_Saved data entries:_
+-------+

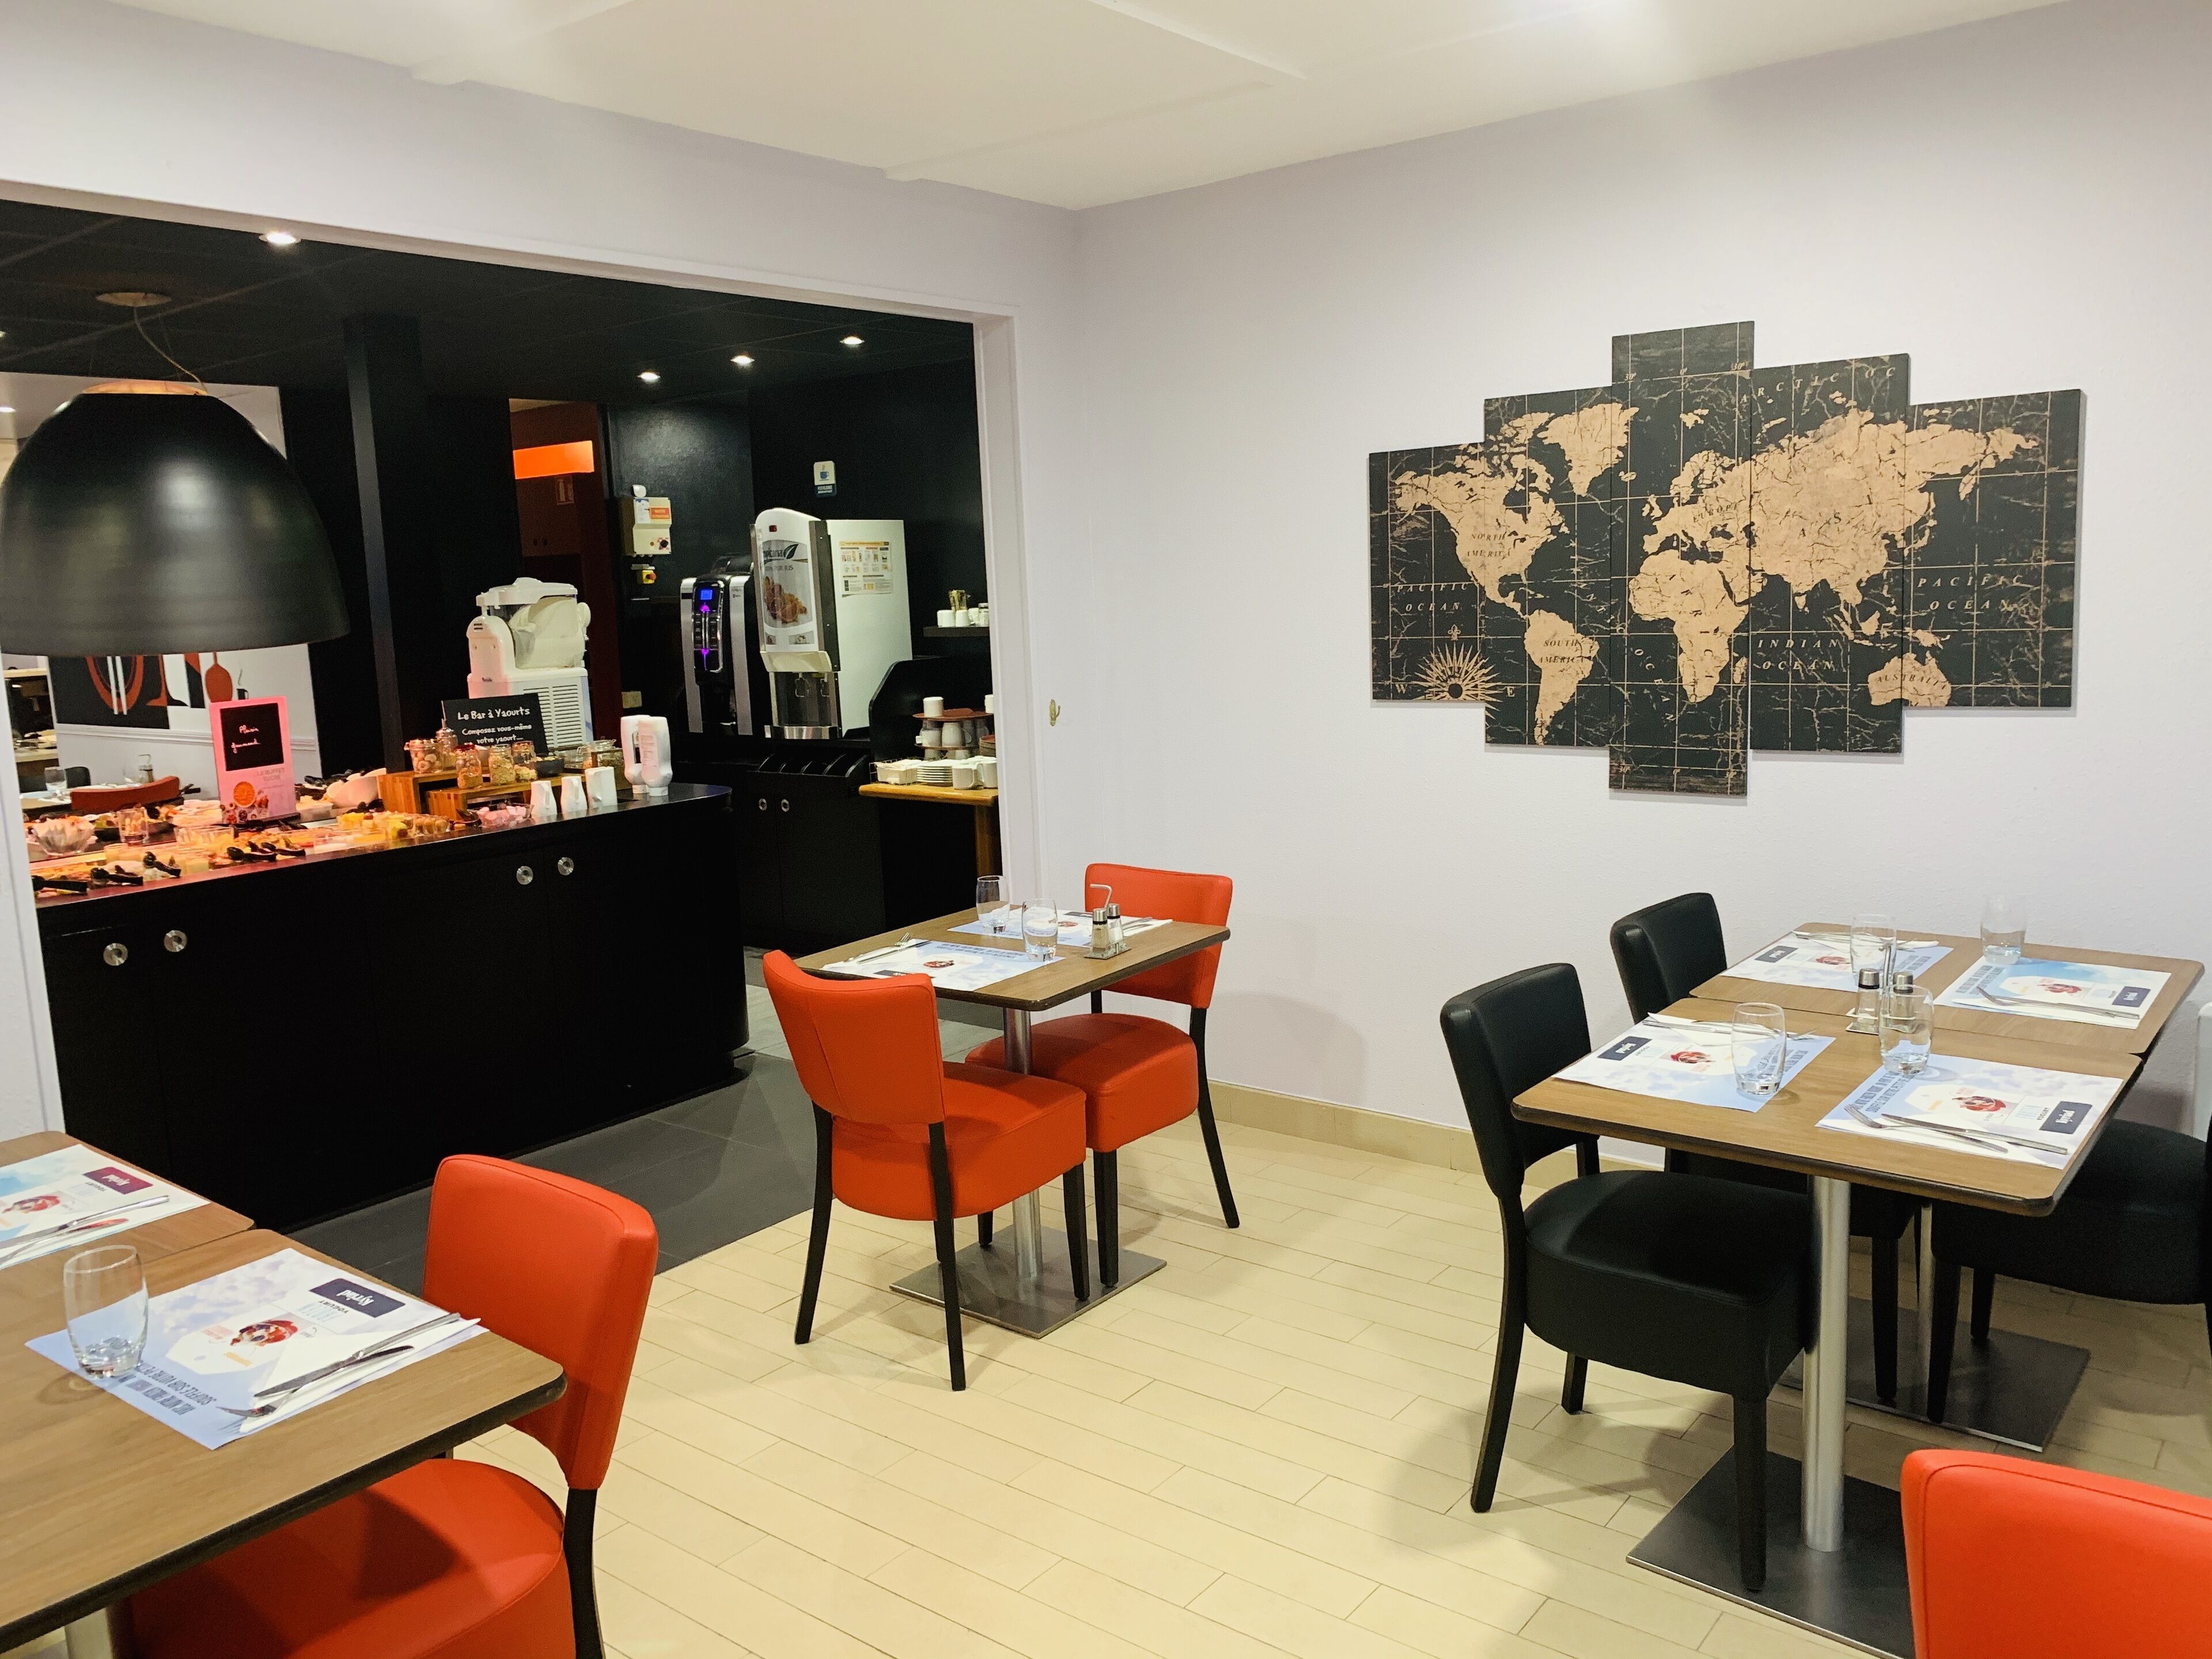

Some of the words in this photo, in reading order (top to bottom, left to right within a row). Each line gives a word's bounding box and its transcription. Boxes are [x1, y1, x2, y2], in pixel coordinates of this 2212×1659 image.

[1918, 574, 2023, 588] PACIFIC
[1397, 583, 1469, 593] PACIFIC
[1406, 602, 1460, 611] OCEAN
[1930, 600, 2010, 612] OCEAN
[1544, 639, 1579, 647] SOUTH
[1758, 639, 1839, 648] INDIAN
[1538, 656, 1584, 664] AMERICA
[1762, 660, 1834, 670] OCEAN
[457, 711, 469, 720] Le
[470, 710, 486, 719] Bar
[488, 709, 493, 718] à
[495, 706, 531, 717] Yaourts
[462, 728, 496, 736] Composez
[497, 723, 532, 732] vous-même
[476, 736, 494, 744] votre
[336, 1289, 375, 1306] Kyriad
[318, 1300, 349, 1314] YOGURT

+-------+

Reproduce every record in full. Leave out the images.

Some of the words in this photo, in reading order (top to bottom, left to right within a row). Each line gives a word's bounding box and its transcription. Boxes are [x1, y1, x2, y2], in pixel coordinates of this 2212×1659 image.

[1918, 574, 2023, 588] PACIFIC
[1397, 583, 1469, 593] PACIFIC
[1406, 602, 1460, 611] OCEAN
[1930, 600, 2010, 612] OCEAN
[1544, 639, 1579, 647] SOUTH
[1758, 639, 1839, 648] INDIAN
[1538, 656, 1584, 664] AMERICA
[1762, 660, 1834, 670] OCEAN
[457, 711, 469, 720] Le
[470, 710, 486, 719] Bar
[488, 709, 493, 718] à
[495, 706, 531, 717] Yaourts
[462, 728, 496, 736] Composez
[497, 723, 532, 732] vous-même
[476, 736, 494, 744] votre
[336, 1289, 375, 1306] Kyriad
[318, 1300, 349, 1314] YOGURT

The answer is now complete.